Tim Draper turns in petitions last year for a ballot initiative on splitting California into six states. The measure failed to qualify, but now Draper is seeking ideas for possible new ballot measures.
Tim Draper turns in petitions last year for a ballot initiative on splitting California into six states. The measure failed to qualify, but now Draper is seeking ideas for possible new ballot measures. Associated Press file

Last year, in response to the ongoing problems that have plagued our state, I proposed the Six Californias initiative to allow people to be closer to the government that serves them. Maybe you liked the idea, maybe you didn’t. Maybe you had your own idea for how to fix California.

The intent with Six Californias was to fundamentally transform the political system and force real change so we could have a government that really serves its people and that prepares well for the future.

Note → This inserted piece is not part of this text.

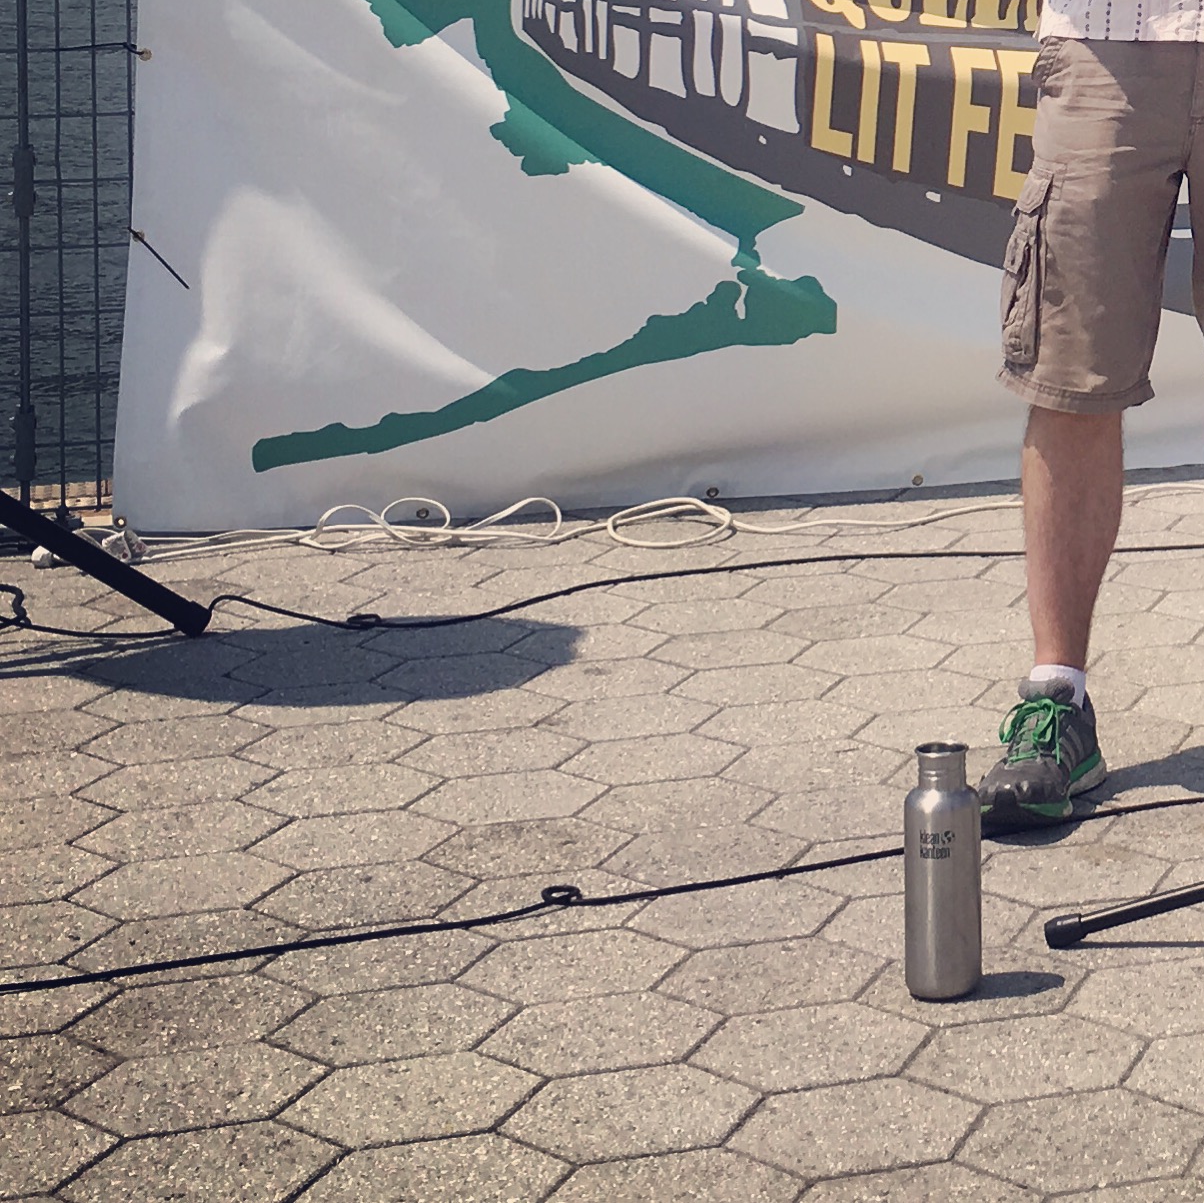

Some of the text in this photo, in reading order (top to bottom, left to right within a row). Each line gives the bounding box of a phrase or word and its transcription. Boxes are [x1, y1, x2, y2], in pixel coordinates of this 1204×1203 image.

As a venture capitalist, I see innovative ideas and solutions every day. I recognize that most good ideas come from collaborating. This works in business and technology, so we should be able to do the same with government.

Unfortunately, our government is still stuck in the 1980s. It can’t complete a project, like building a bridge, a desalination plant or updating a computer system, without being late, over budget or even obsolete by the time of completion. It has become clear that we simply cannot rely on our current system to solve our problems. We need to take an interest in our future. We need to collaborate to fix our state.

To that end, we are launching the “Fix California Challenge.”

I challenge you, Californians, to come up with ideas that will transform your state. Do you have an idea better than Six Californias?

If so, I want to hear it. Bring your idea to me and maybe we can get it on the ballot.

California is a state that boasts the world’s seventh-largest economy. It is rich in diverse communities, and has enormous economic engines in technology, media, entertainment, tourism, energy and more. Yet not everyone in California benefits due to problems that are innately structural.

The education system is not built to prepare California for the 21st-century workforce and to compete globally. Our prison system is overburdened, expensive and produces poor outcomes. The state’s infrastructure – highways, waterways and utilities – are failing, and now it’s catching up with us during one of the worst droughts in history.

Our elected leaders have an impossible job trying to fix these problems. They’ve inherited a system developed in the 1800s that was designed to serve a population of less than 1 million. That kind of system doesn’t work in the 21st century with a population of nearly 40 million. In addition, the rules and culture around the politics of Sacramento seem designed to guarantee and protect only the status quo.

Government is overanalyzing and underperforming. This cannot continue. We need a government that is as forward-looking as the people it serves. There needs to be something that looks to the future, that breaks the inertia.

We are looking for ideas that incentivize government to be accountable to “citizen customers,” that provide a fresh start and an entrepreneurial mindset, and that provide for better representation and engagement of our citizens. We want ideas that improve the quality of life across key sectors such as jobs, housing, water supply, energy, infrastructure and the environment.

And most importantly, we are seeking ideas that immediately improve education in a fundamental way to achieve long-term economic and social stability. Submit your idea at

As someone who invested in many transformative businesses that started from the gem of an idea – including Skype, Hotmail and Tesla – I recognize we are a state built by innovators and sustained by entrepreneurs.

What will drive our next generation of innovators to California? I hope it is you, Californians, stepping up to change your state for the better.

Tim Draper is a Silicon Valley venture capitalist.